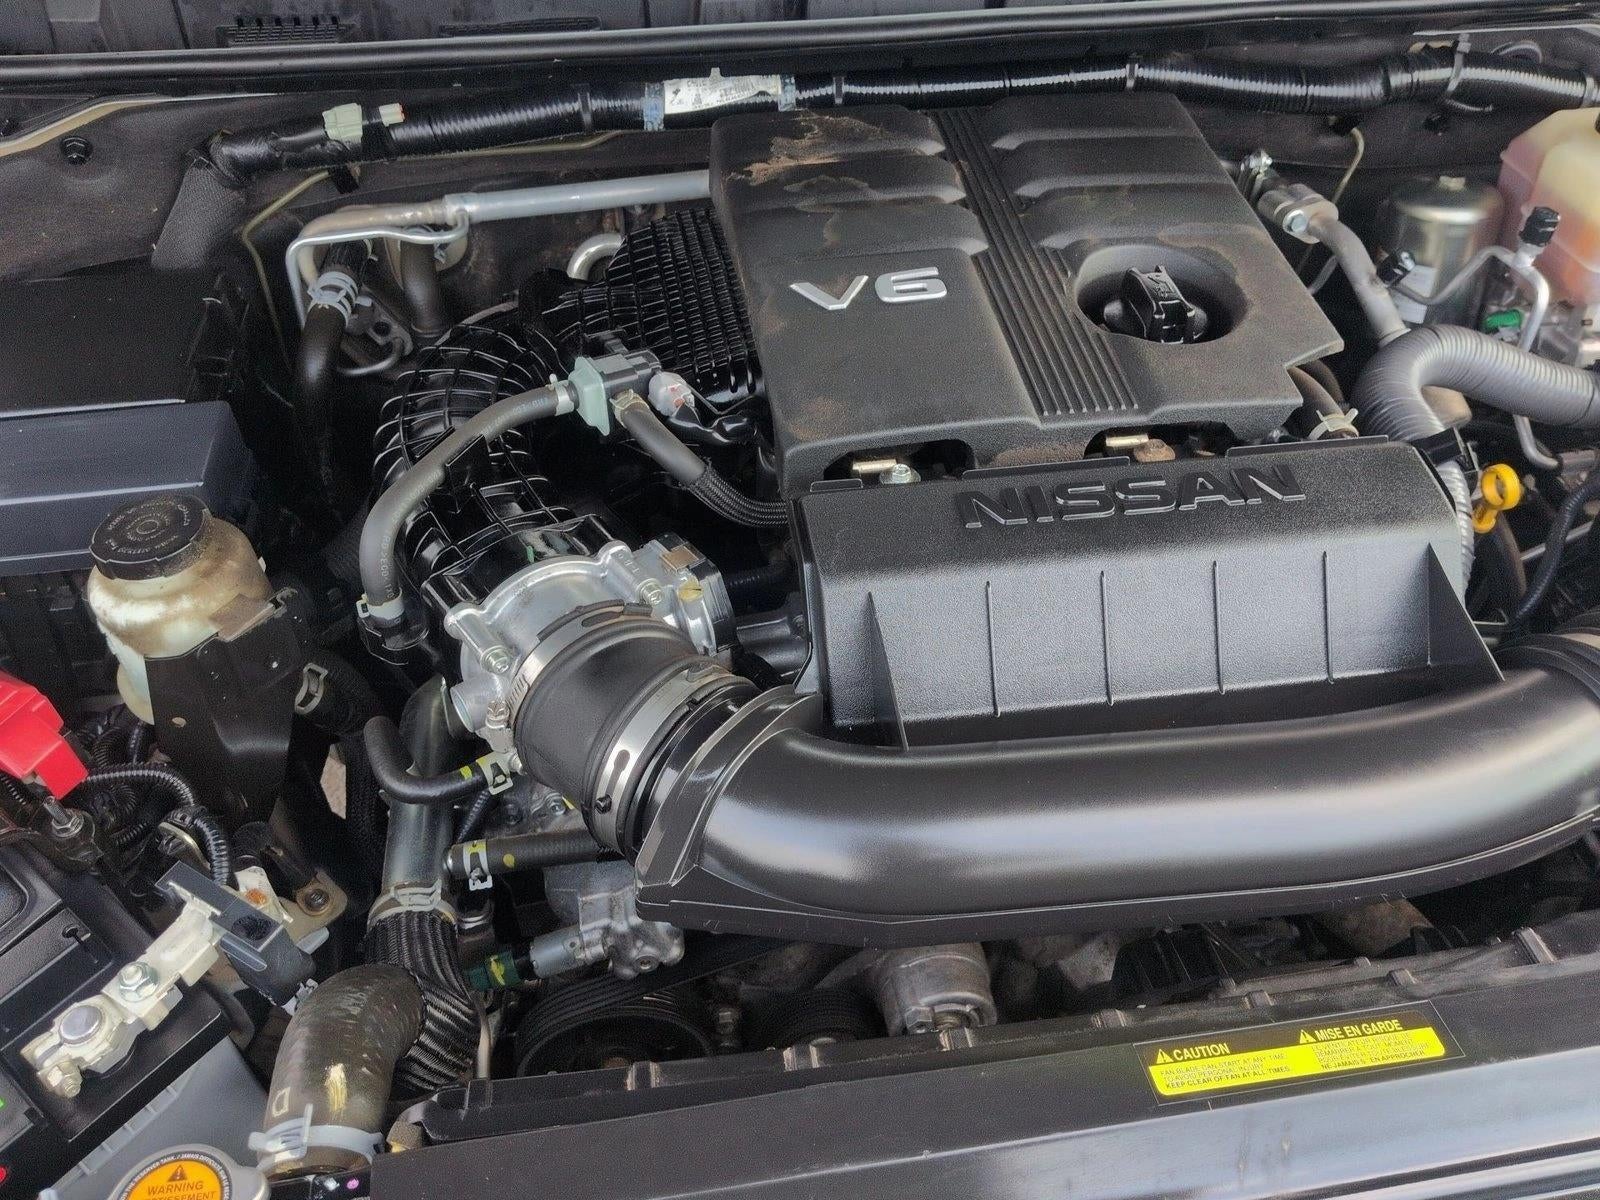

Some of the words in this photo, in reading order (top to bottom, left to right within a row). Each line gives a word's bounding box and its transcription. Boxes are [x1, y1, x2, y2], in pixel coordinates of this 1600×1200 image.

[789, 266, 947, 310] V6
[954, 463, 1306, 528] NISSAN
[1314, 1027, 1345, 1041] MISE
[1343, 1024, 1362, 1037] EN
[1361, 1019, 1403, 1035] GARDE
[1173, 1043, 1230, 1061] CAUTION
[147, 1180, 204, 1196] WARNING
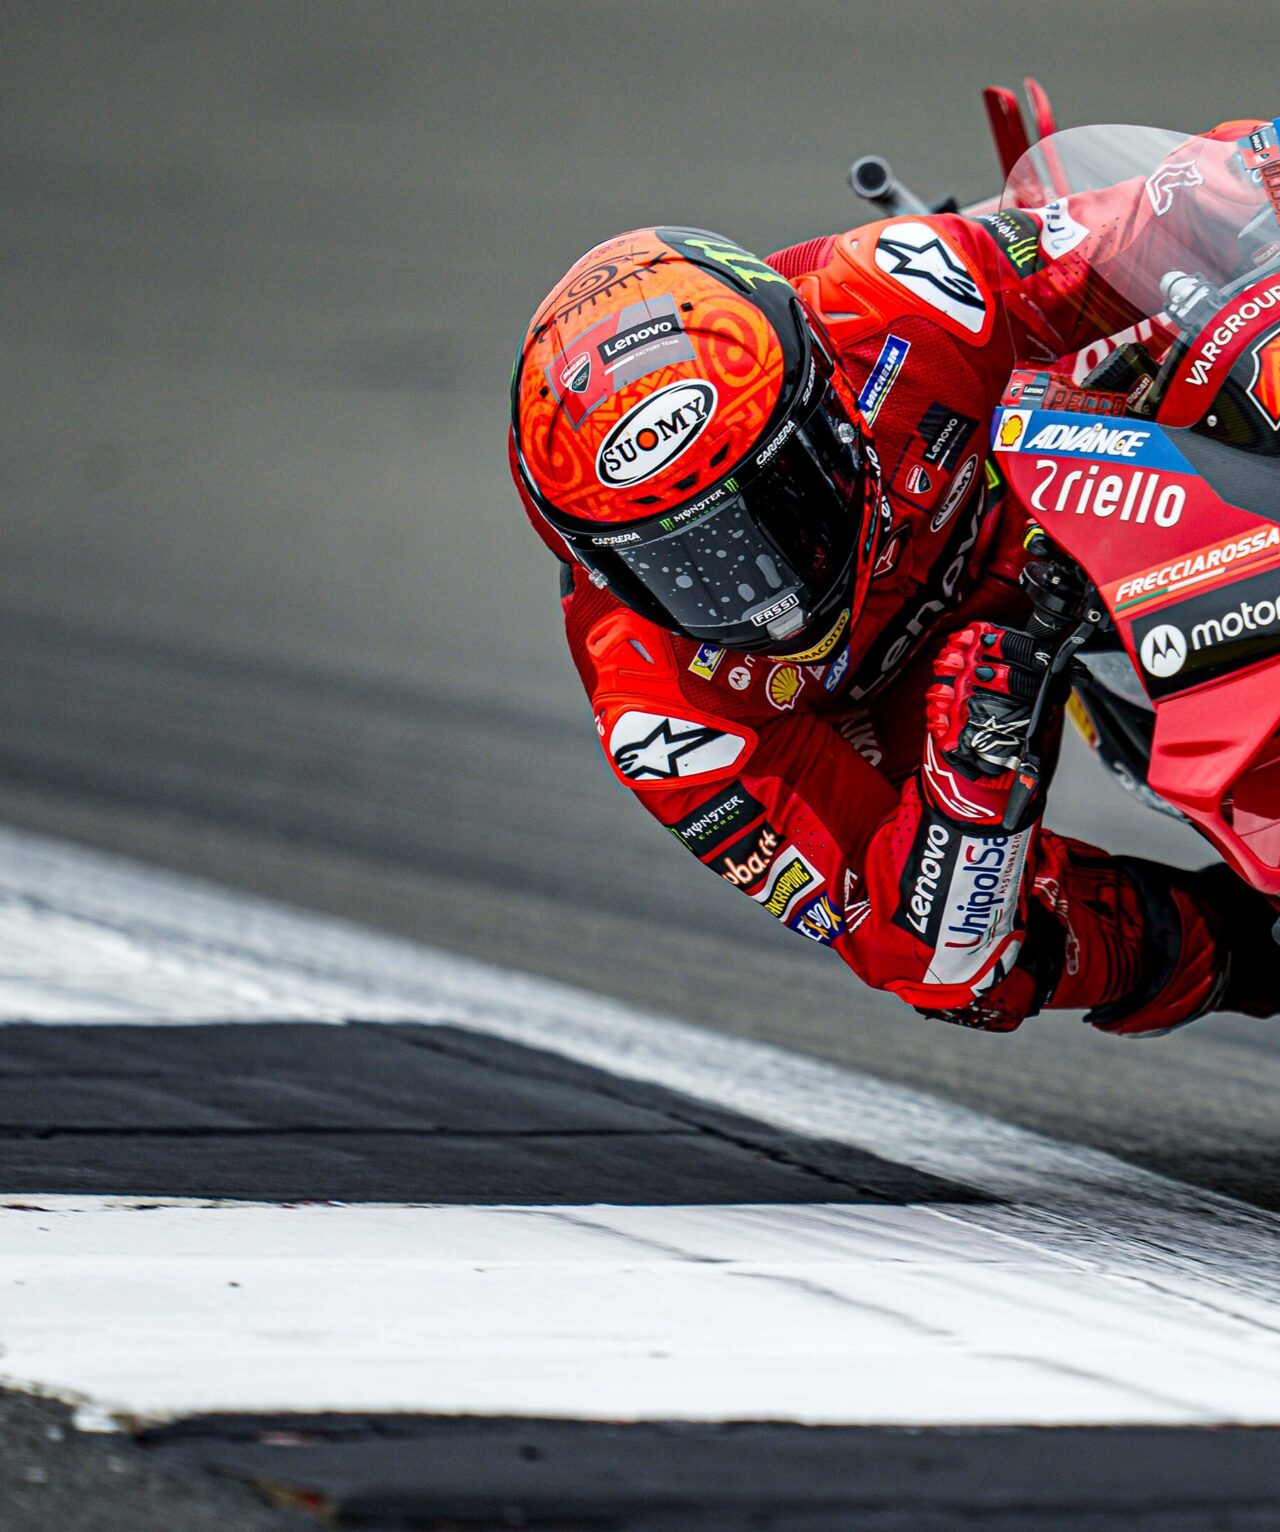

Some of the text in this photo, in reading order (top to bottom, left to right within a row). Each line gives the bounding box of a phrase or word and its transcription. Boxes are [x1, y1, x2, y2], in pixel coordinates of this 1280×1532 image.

[603, 321, 673, 358] Lenovo
[865, 346, 900, 409] MICHELIN
[602, 396, 707, 473] SUOMY
[756, 419, 797, 467] CARRERA
[925, 417, 959, 460] Lenovo
[1025, 423, 1151, 457] ADVANCE
[673, 487, 726, 523] MONSTER
[591, 531, 641, 546] CARRERA
[1114, 527, 1280, 603] FRECCIAROSSA
[755, 597, 795, 624] FASSI
[825, 649, 849, 692] SAP
[681, 795, 745, 839] MONSTER
[697, 809, 741, 841] ENERGY
[722, 828, 778, 885] uba.it
[998, 832, 1024, 895] ASSICURAZIO
[906, 823, 950, 935] Lenovo
[944, 834, 1009, 949] UnipolSa

# What you need to do:
The entries above must be output exactly, with every image left out.

# Your response:
Some of the words in this photo, in reading order (top to bottom, left to right within a row). Each line gives a word's bounding box and its transcription. Boxes are [x1, y1, x2, y2], in pixel coordinates of this 1600×1200 image.

[789, 266, 947, 310] V6
[954, 463, 1306, 528] NISSAN
[1314, 1027, 1345, 1041] MISE
[1343, 1024, 1362, 1037] EN
[1361, 1019, 1403, 1035] GARDE
[1173, 1043, 1230, 1061] CAUTION
[147, 1180, 204, 1196] WARNING

Some of the text in this photo, in reading order (top to bottom, left to right within a row). Each line gives the bounding box of a phrase or word and its transcription. Boxes are [x1, y1, x2, y2], in pixel coordinates of this 1280×1532 image.

[603, 321, 673, 358] Lenovo
[865, 346, 900, 409] MICHELIN
[602, 396, 707, 473] SUOMY
[756, 419, 797, 467] CARRERA
[925, 417, 959, 460] Lenovo
[1025, 423, 1151, 457] ADVANCE
[673, 487, 726, 523] MONSTER
[591, 531, 641, 546] CARRERA
[1114, 527, 1280, 603] FRECCIAROSSA
[755, 597, 795, 624] FASSI
[825, 649, 849, 692] SAP
[681, 795, 745, 839] MONSTER
[697, 809, 741, 841] ENERGY
[722, 828, 778, 885] uba.it
[998, 832, 1024, 895] ASSICURAZIO
[906, 823, 950, 935] Lenovo
[944, 834, 1009, 949] UnipolSa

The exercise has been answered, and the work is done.